Stealing a patented invention is not a crime, Lang learned. In order to protect his patent against infringement -- and collect any money -- he had to file civil lawsuits against every one of the allegedly illegal users of his device.

It was not until 1979 that his first infringement case came to trial. Lang had sued a Delaware company because the Wilmington federal courthouse is only 12 miles from his home in Landenberg, Pa., and that was the cheapest place to go to court.

"I was then about $250,000 in the hole on this invention and I had a bunch of other inventions I wanted to get on with," he recalled, noting that he couldn't have kept going that long except that "I got lucky on some real estate."

Lang's legal fees were then running $30,000 a month, and the lawyers said it would cost him $500,000 to win his war of attrition. Forced to plead to postpone the trial because he couldn't afford to go to court, Lang put his invention up for sale.

After several buyers turned him down, the inventor found an entrepreneural patent law firm that offered him a deal: They'd take his case on a contingent-fee basis in return for a 40 percent share of his patent.

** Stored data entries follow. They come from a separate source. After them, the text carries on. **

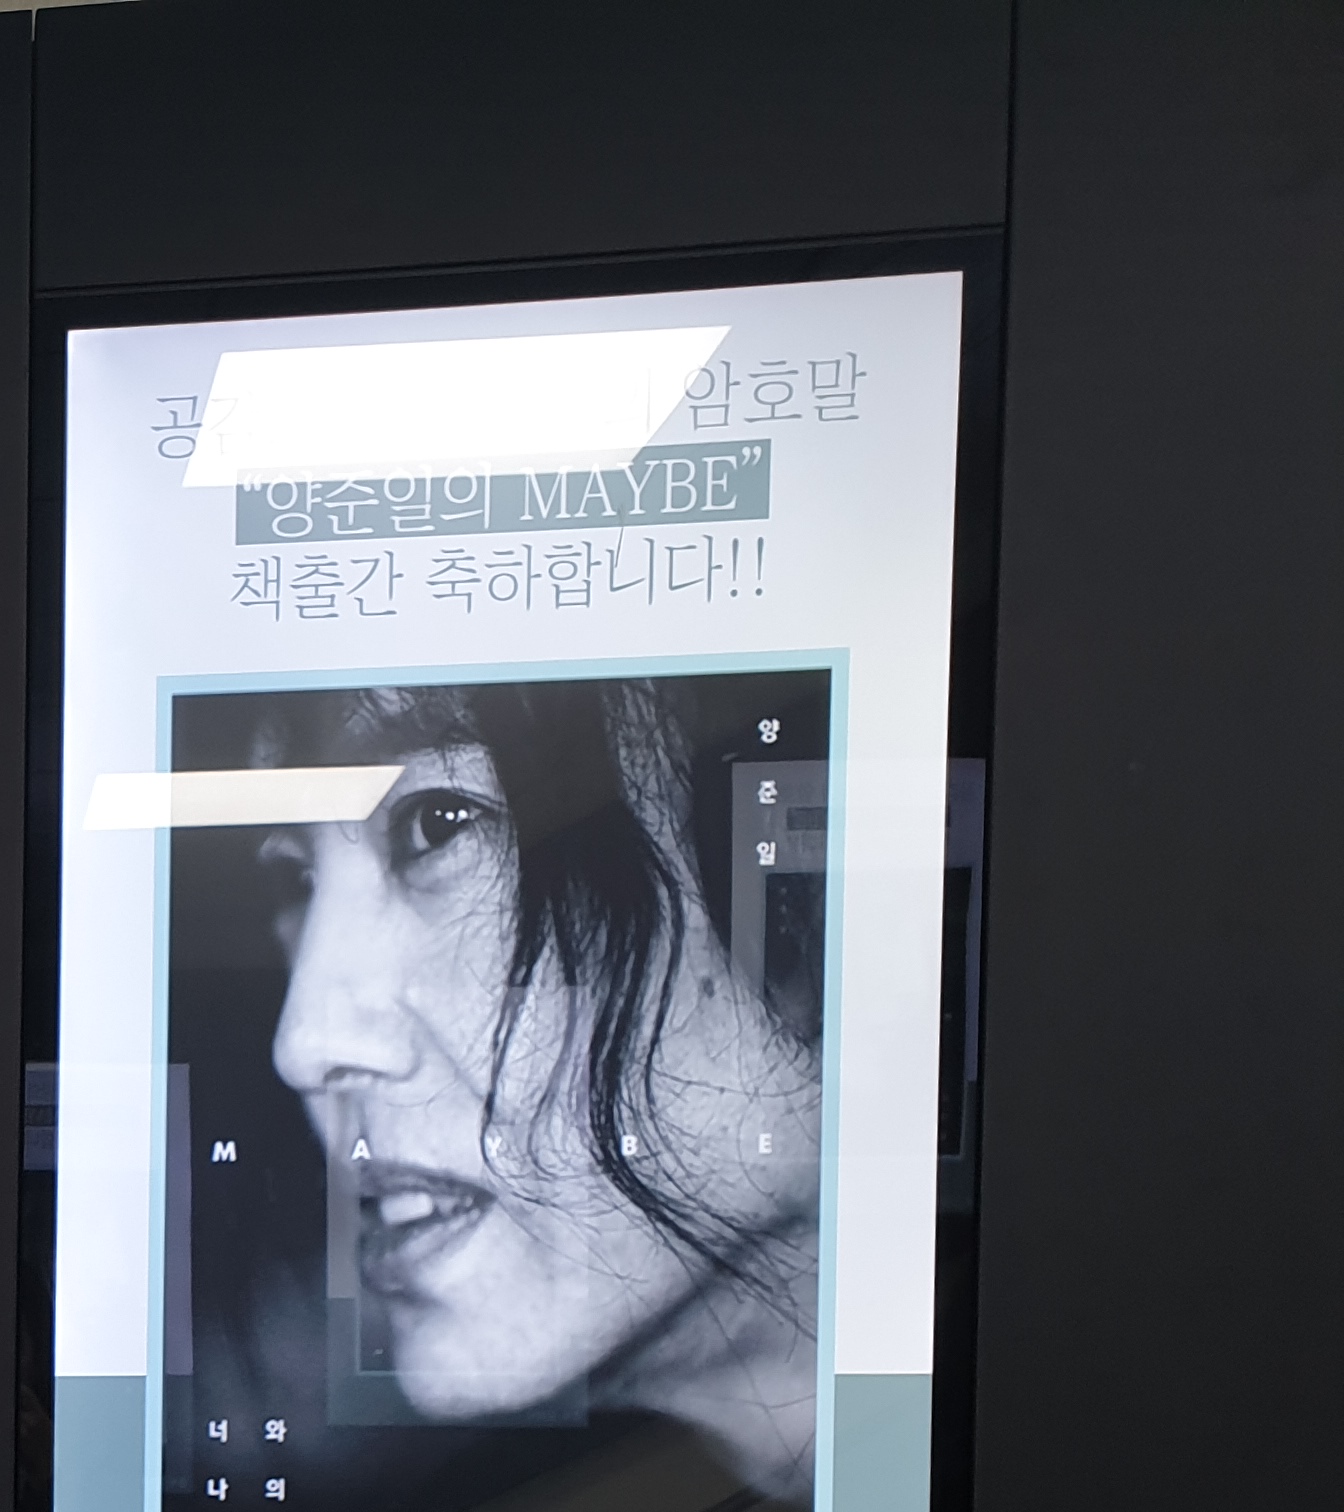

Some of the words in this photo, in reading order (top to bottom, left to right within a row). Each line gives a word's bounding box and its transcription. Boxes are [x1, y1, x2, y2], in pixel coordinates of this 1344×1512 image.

[683, 350, 868, 432] 암호말
[518, 444, 764, 521] MAYBE”
[230, 547, 405, 623] 책출간
[424, 533, 765, 615] 축하합니다!!
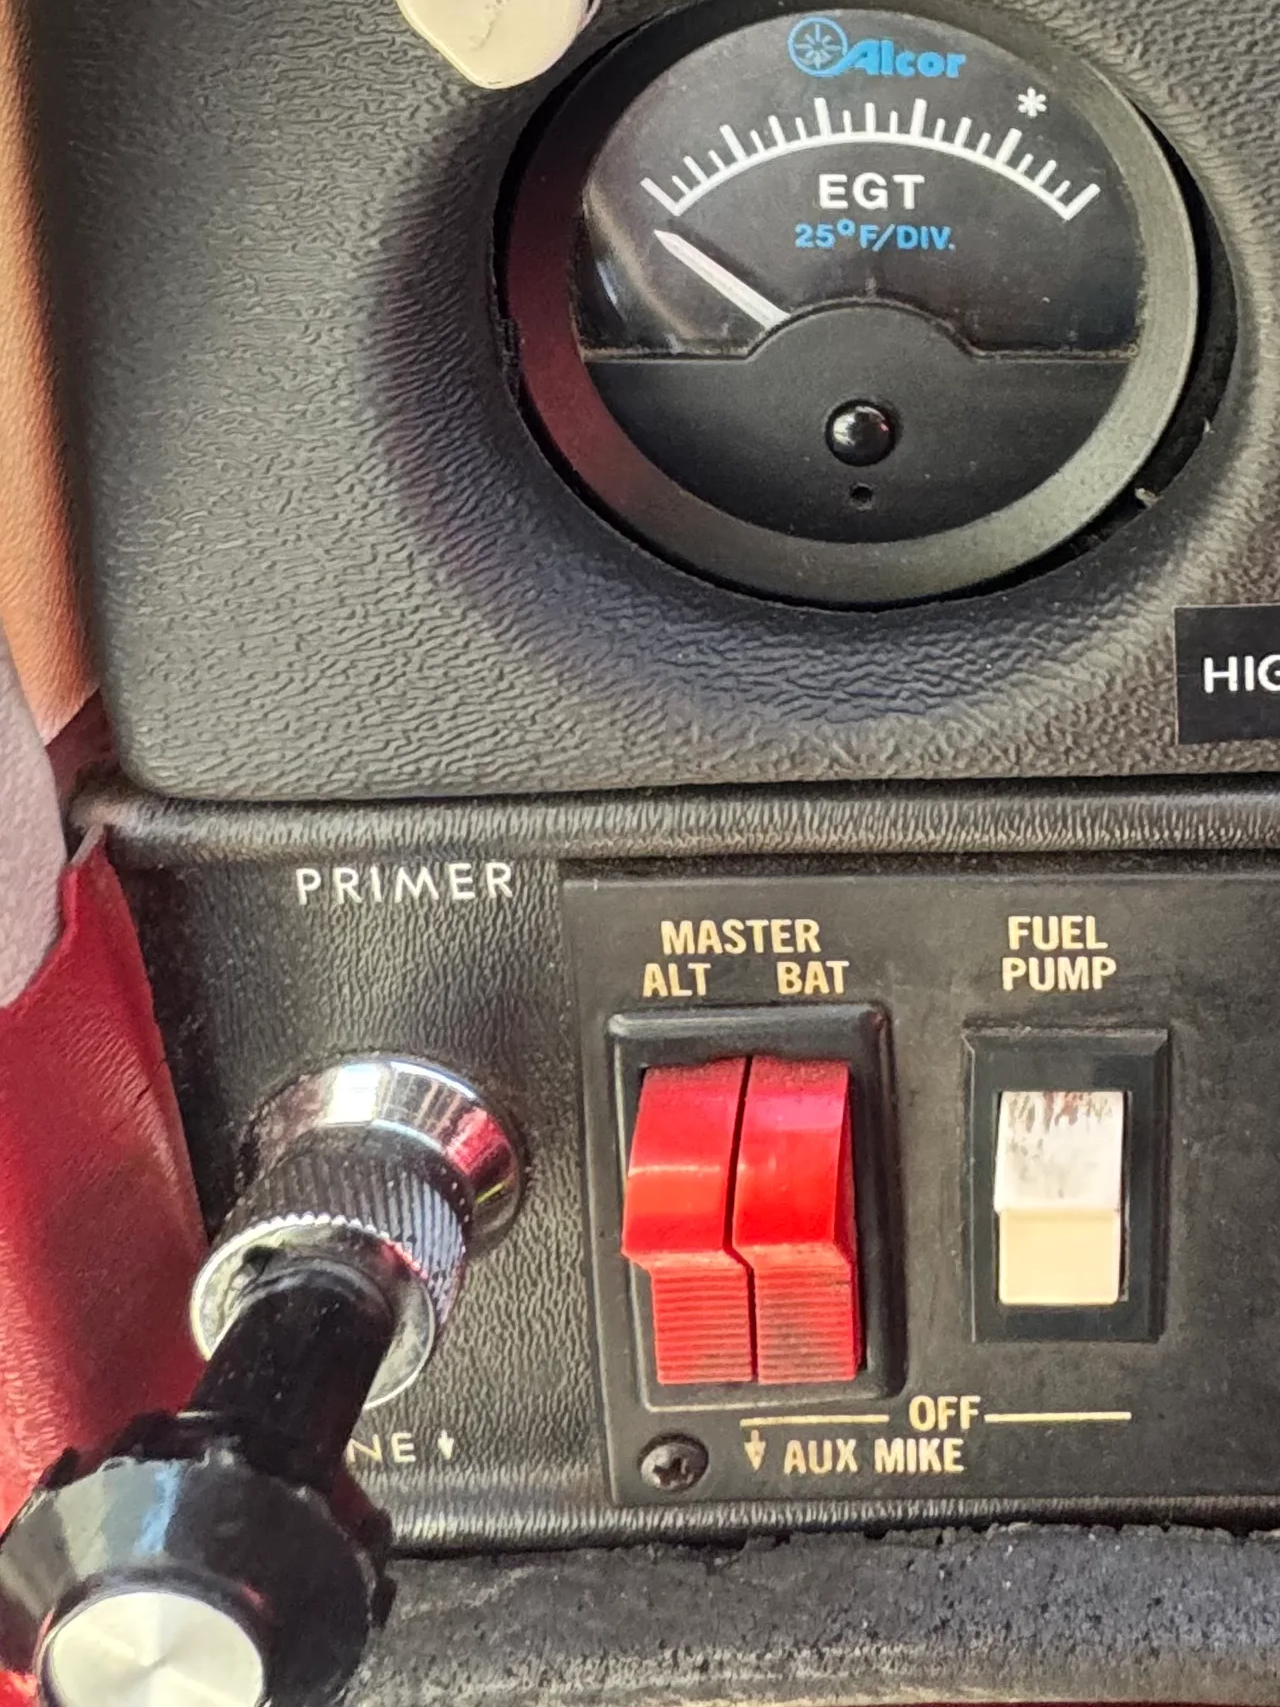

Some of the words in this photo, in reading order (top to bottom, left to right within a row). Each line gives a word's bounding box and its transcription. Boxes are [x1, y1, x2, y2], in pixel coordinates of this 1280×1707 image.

[833, 38, 967, 78] Alcor
[818, 172, 925, 210] EGT
[295, 862, 513, 906] PRIMER
[660, 919, 822, 955] MASTER
[1008, 915, 1109, 950] FUEL
[643, 962, 712, 998] ALT
[776, 960, 850, 996] BAT
[1002, 956, 1117, 992] PUMP
[909, 1394, 982, 1432] OFF
[783, 1438, 858, 1475] AUX
[874, 1437, 965, 1474] MIKE

Figuring 60 percent of something was better than 100 percent of nothing, Lang took the deal. It took three more years to win his Delaware case in a ruling handed down last April.

But a District Court decision sets no legal precedent, so Lang then had to file separate civil lawsuits against every other user of his invention. He found 16 of them, and sued them in 16 different federal courts.

So far, he's winning. Judge Albert V. Bryan Jr. ruled in Alexandria that VSL "willfully infringed" on Lang's patent. That means VSL not only must pay for using the invention, it could be required to pay triple damages. VSL did not return a phone inquiry on Friday.

Even Judge Bryan's decision does not end the local litigation, however, for the patent law system requires a separate trial -- set for next month -- to determine the amount owed the inventor. During the first trial, VSL said it has made 30 million feet of the product, which sells for 35 to 40 cents a foot. Lang is asking a 5 percent royalty.

Lang bitterly contrasts the dozen-year delay in collecting on his invention here with his experience in Japan.

Under the Japanese patent system, he says, the patent issuing process becomes a full-blown trial on the invention. Japanese companies raised all sorts of legal objections to his patent, but once it was issued, two big Japanese users agreed to pay royalties on his invention, and the matter was over.

Their more efficient patent system, Lang contends, is one of the reasons the Japanese are outperforming the United States in high technology.

If you don't believe the Japanese are winning, just count the Toyotas, Datsuns and Hondas some day when you're caught in a traffic jam waiting for Fred Lang's cables to be installed on the Woodrow Wilson Bridge.